Why can db owner GRANT schema privileges on only some schema in the same database?

Anyone know why GRANTing ALL TABLE access to 1 schema would fail while succeeding for another schema in the same db? This failure happens when run as the database owner (either from Atlas or from the Neon SQL Editor). This is the code:

GRANT USAGE ON SCHEMA dm TO datamart_pg_reader;
GRANT USAGE ON SCHEMA plus TO datamart_pg_reader;
REVOKE ALL ON SCHEMA public FROM datamart_pg_reader;  
GRANT SELECT ON ALL TABLES IN SCHEMA dm TO datamart_pg_reader;  -- does not work, even if changed to SELECT, MAINTAIN
GRANT SELECT, MAINTAIN ON ALL TABLES IN SCHEMA plus TO datamart_pg_reader; -- works fine

When run from Neon's SQL Editor, the error "No privileges were granted for table name" appears as a series of popups for each object the GRANT failed for, which seems to be every table in schema dm. Both schema exist (and contain objects) before this code is run. I confirmed the role has the same privileges on both schema (OWNER, USAGE, CREATE) and I don't see any revocation of any privileges for this role.

Solution

  • Looking at the code:

        /*
     * Restrict the operation to what we can actually grant or revoke, and
     * issue a warning if appropriate.  (For REVOKE this isn't quite what the
     * spec says to do: the spec seems to want a warning only if no privilege
     * bits actually change in the ACL. In practice that behavior seems much
     * too noisy, as well as inconsistent with the GRANT case.)
     */
    this_privileges = privileges & ACL_OPTION_TO_PRIVS(avail_goptions);
    if (is_grant)
    {
        if (this_privileges == 0)
        {
            if (objtype == OBJECT_COLUMN && colname)
                ereport(WARNING,
                        (errcode(ERRCODE_WARNING_PRIVILEGE_NOT_GRANTED),
                         errmsg("no privileges were granted for column \"%s\" of relation \"%s\"",
                                colname, objname)));
            else
                ereport(WARNING,
                        (errcode(ERRCODE_WARNING_PRIVILEGE_NOT_GRANTED),
                         errmsg("no privileges were granted for \"%s\"",
                                objname)));
        }

    we learn that you get this error message if you try to grant a privilege that you have no right to grant.

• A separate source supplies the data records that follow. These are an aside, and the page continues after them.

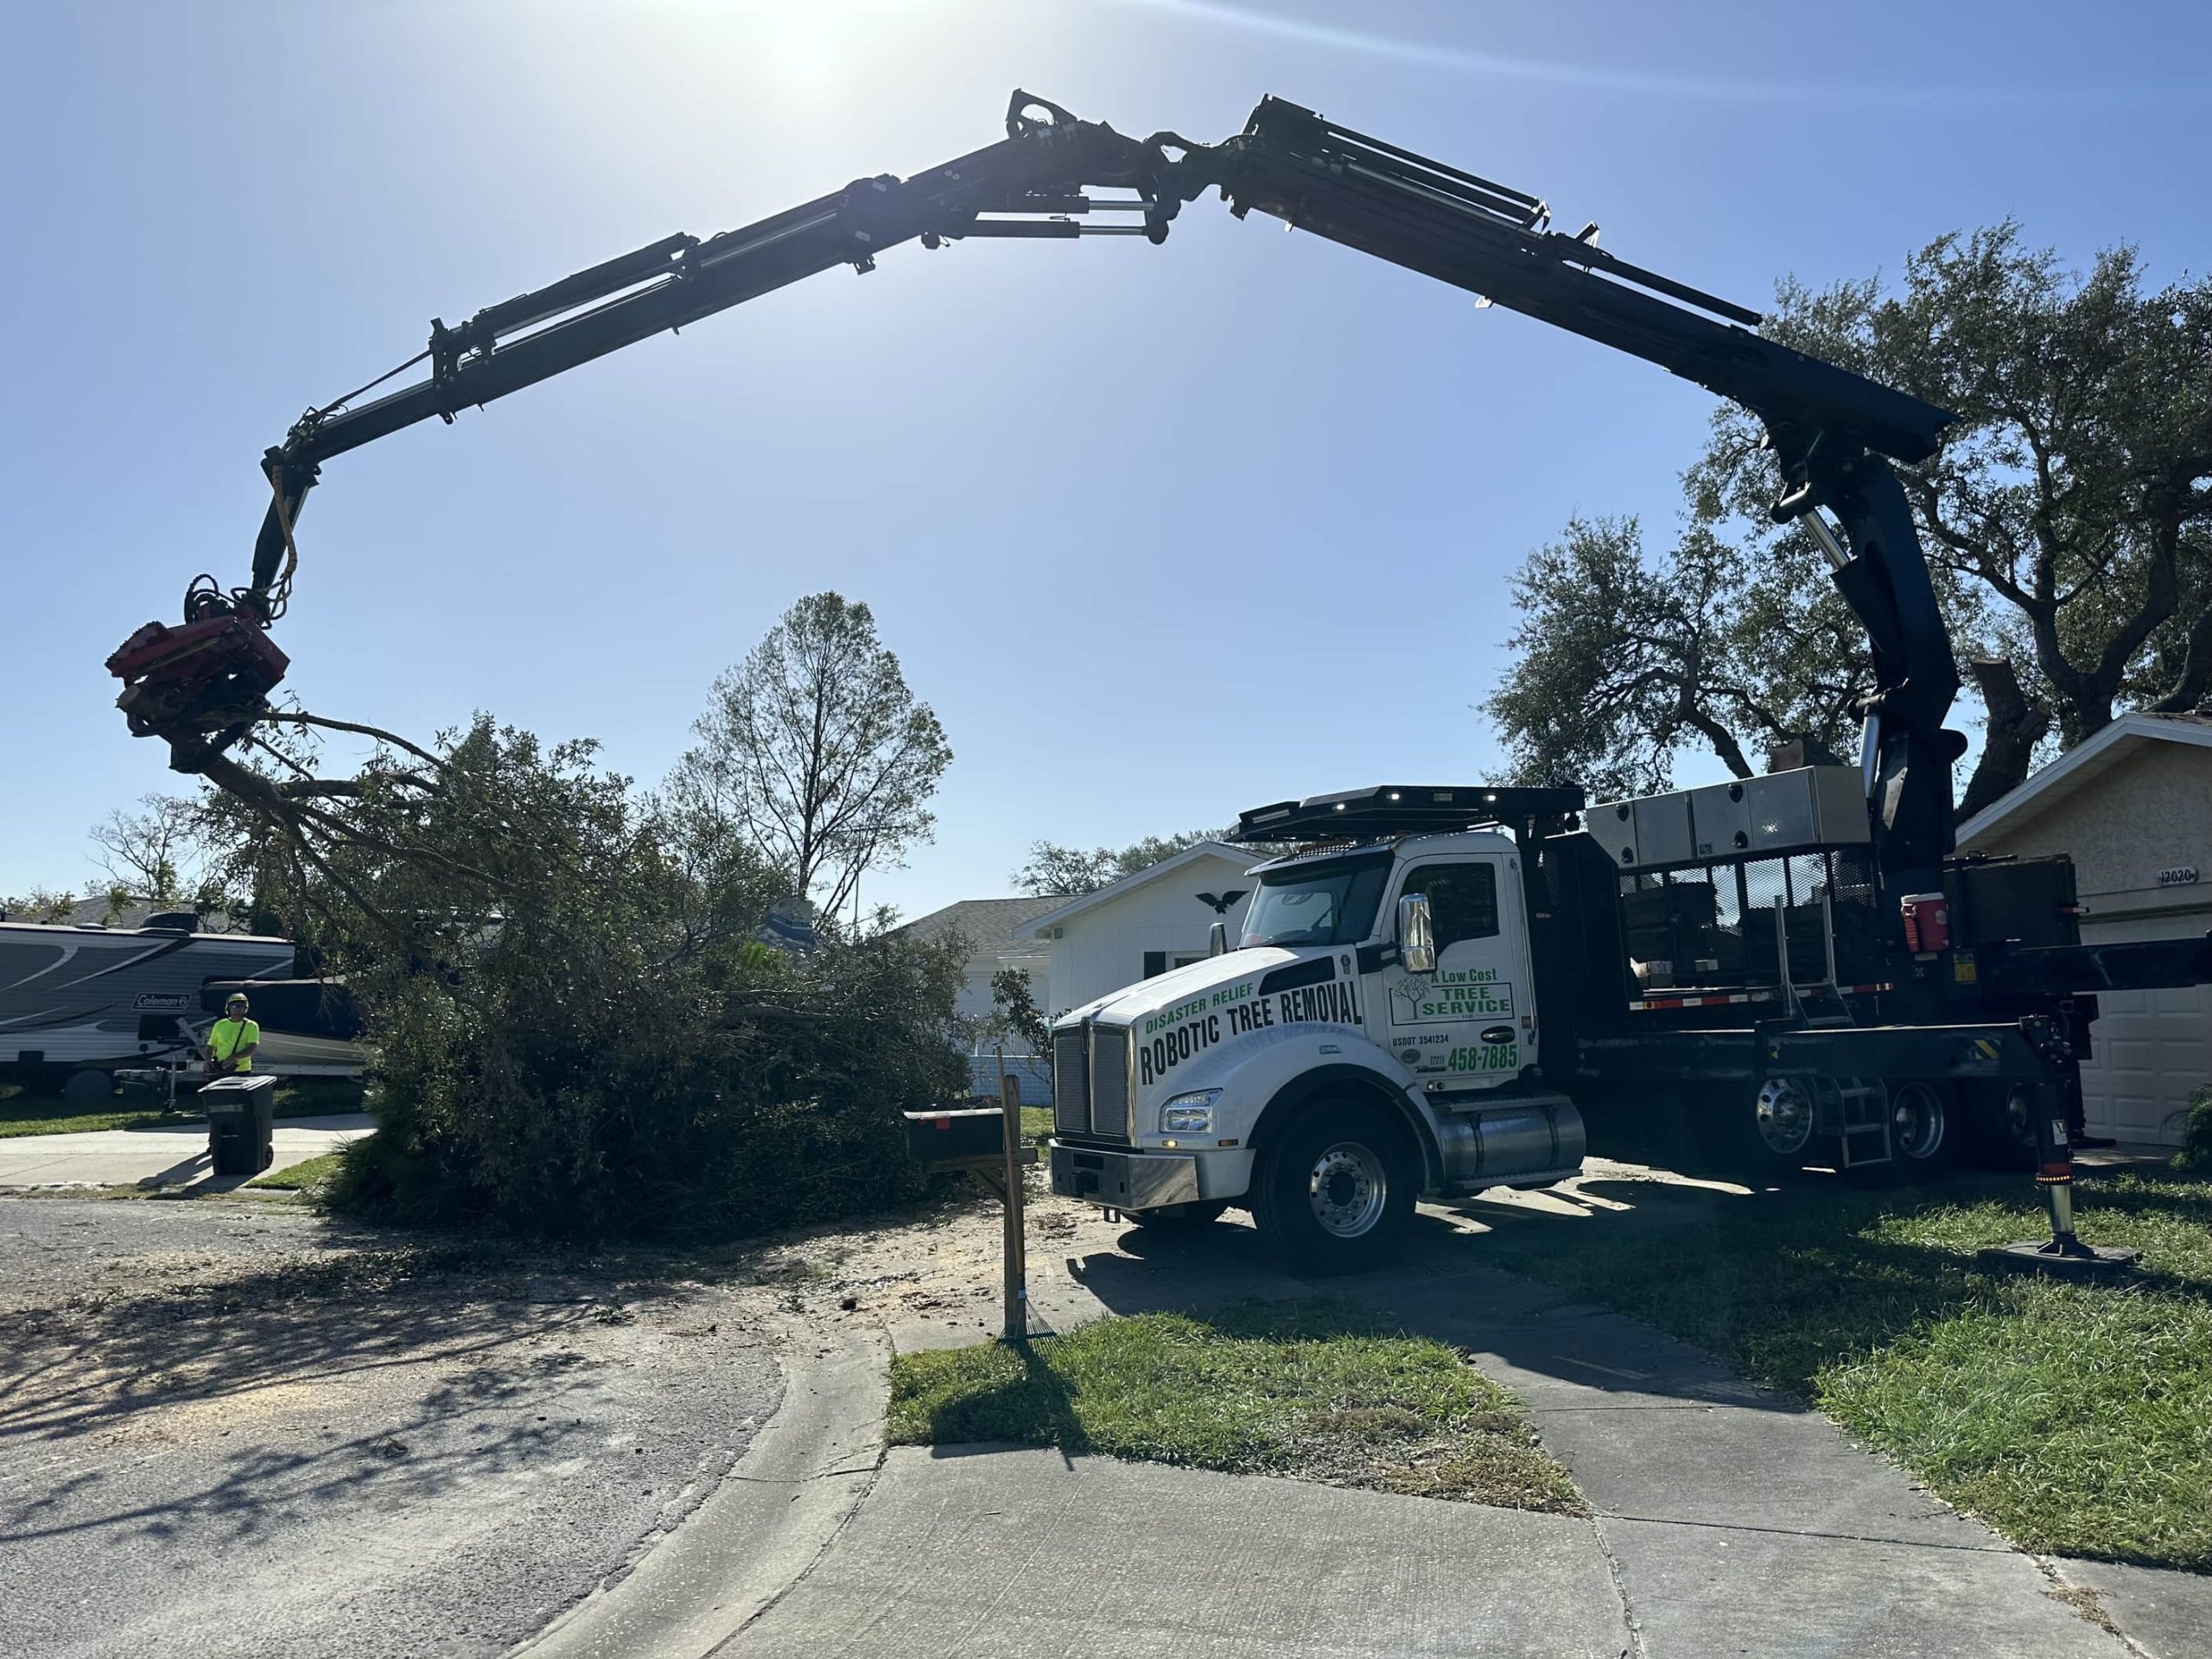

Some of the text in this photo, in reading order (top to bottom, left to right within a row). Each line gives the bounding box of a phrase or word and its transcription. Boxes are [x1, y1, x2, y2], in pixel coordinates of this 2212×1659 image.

[2161, 868, 2191, 884] 12020
[1431, 968, 1497, 983] A Low Cost
[137, 994, 178, 1006] Coleman
[1441, 987, 1491, 1001] TREE
[1146, 982, 1254, 1035] DISASTER RELIEF
[1421, 999, 1511, 1016] SERVICE
[1140, 981, 1363, 1086] ROBOTIC TREE REMOVAL
[1393, 1034, 1449, 1046] USDOT 3541234
[1448, 1045, 1517, 1071] 458-7885
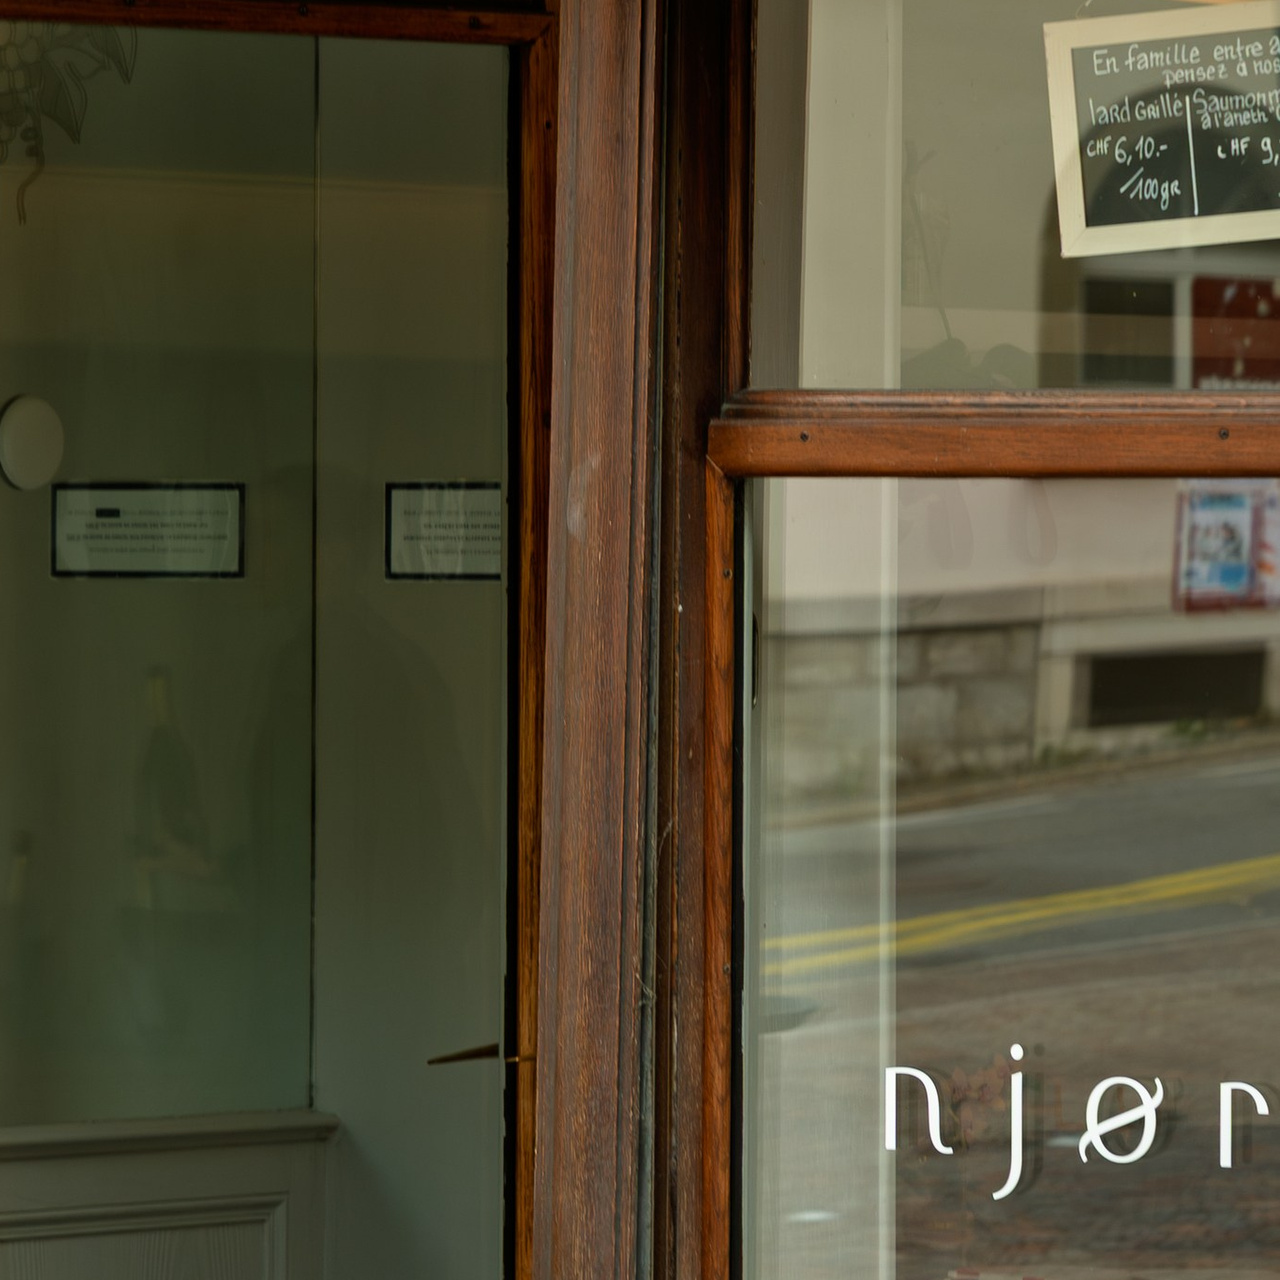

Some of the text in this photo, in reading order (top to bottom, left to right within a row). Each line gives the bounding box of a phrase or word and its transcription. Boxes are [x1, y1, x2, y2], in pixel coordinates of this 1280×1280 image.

[1092, 49, 1120, 75] En
[1124, 43, 1201, 72] famille
[1213, 36, 1264, 61] entre
[1162, 65, 1229, 89] pensez
[1086, 135, 1112, 158] CHF
[884, 1042, 1270, 1201] njør
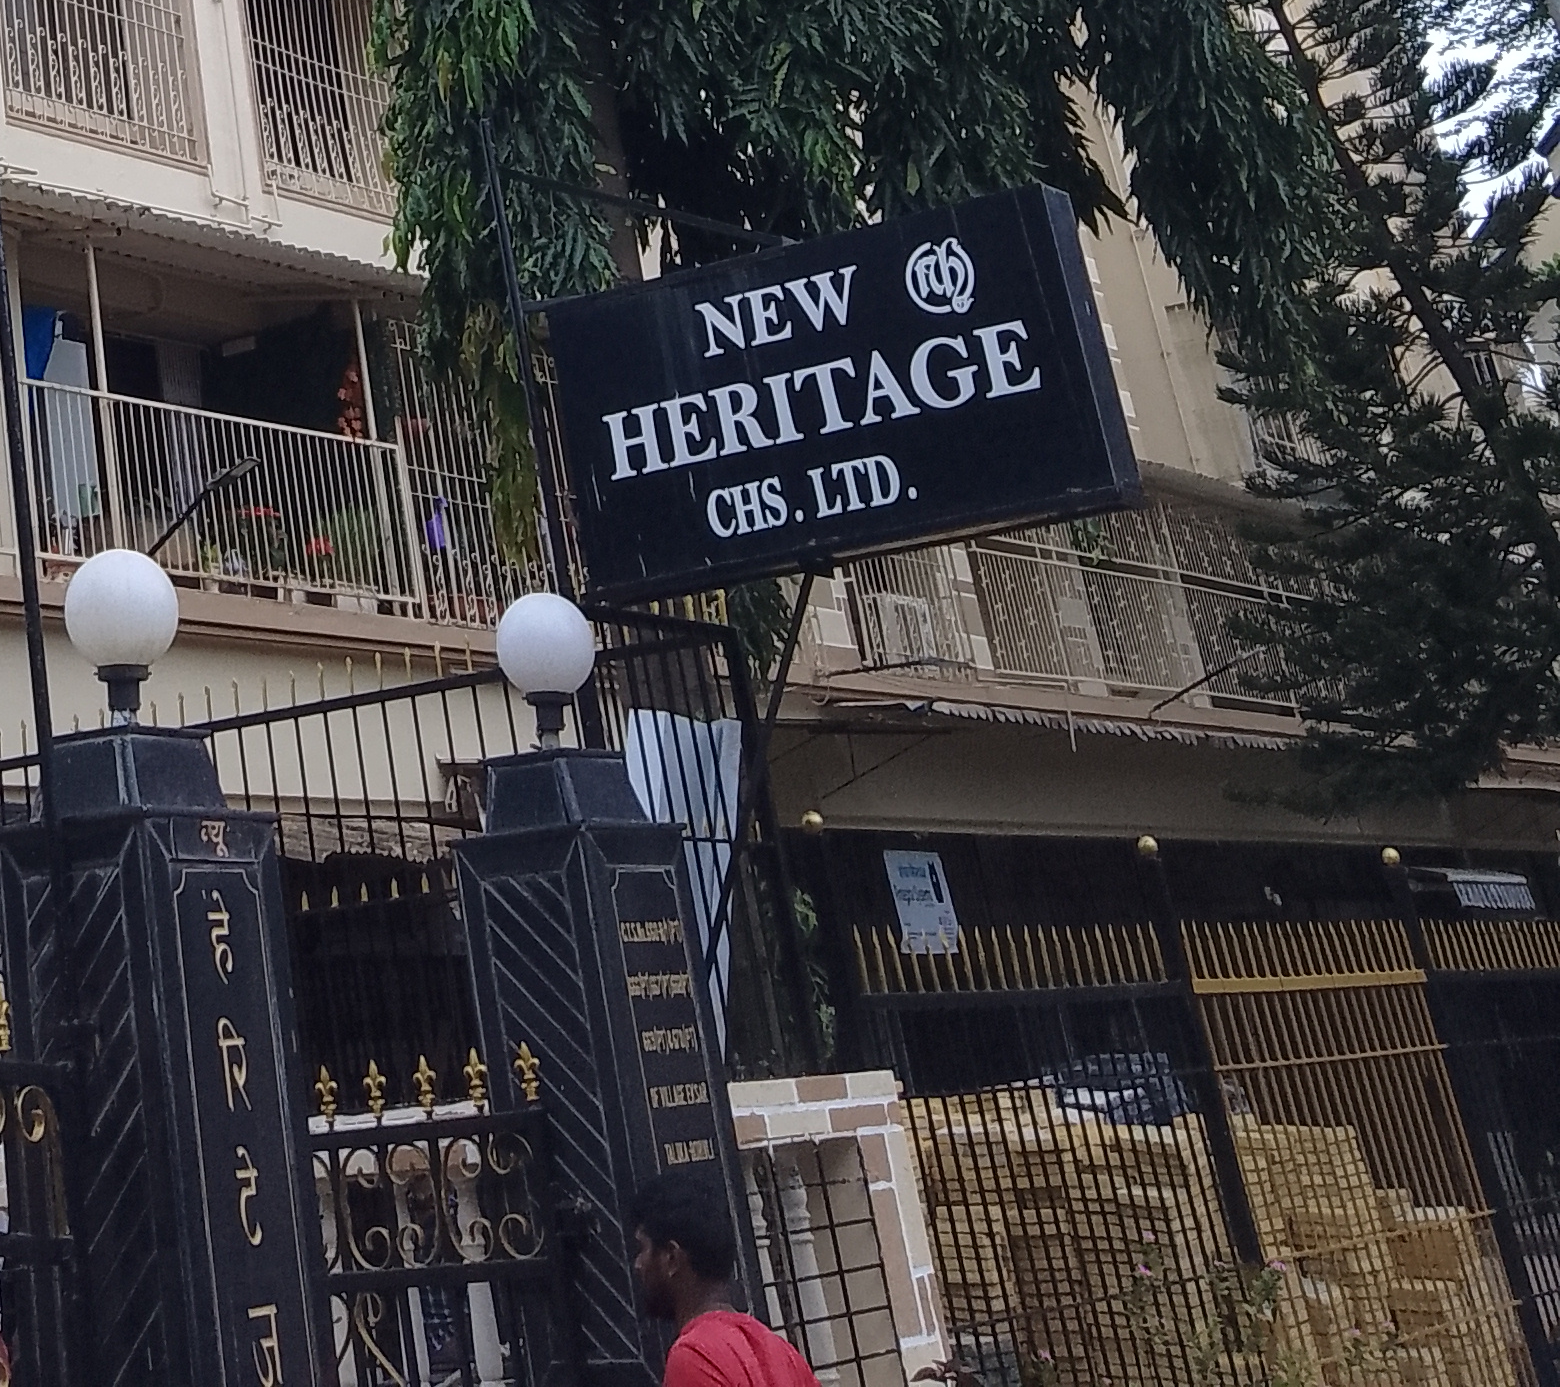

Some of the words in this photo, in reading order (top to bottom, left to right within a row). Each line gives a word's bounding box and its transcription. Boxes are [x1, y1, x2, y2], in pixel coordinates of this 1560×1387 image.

    So it seems like the user that runs the GRANT owns the tables in the one schema, but not in the other schema. To succeed, the current user has to satisfy one of the following conditions:

    • be a superuser

    • own the tables on which the privileges are granted

    • have been granted the privilege WITH GRANT OPTION

    Note that owning a database does not imply that you own or have any rights to the objects in the database.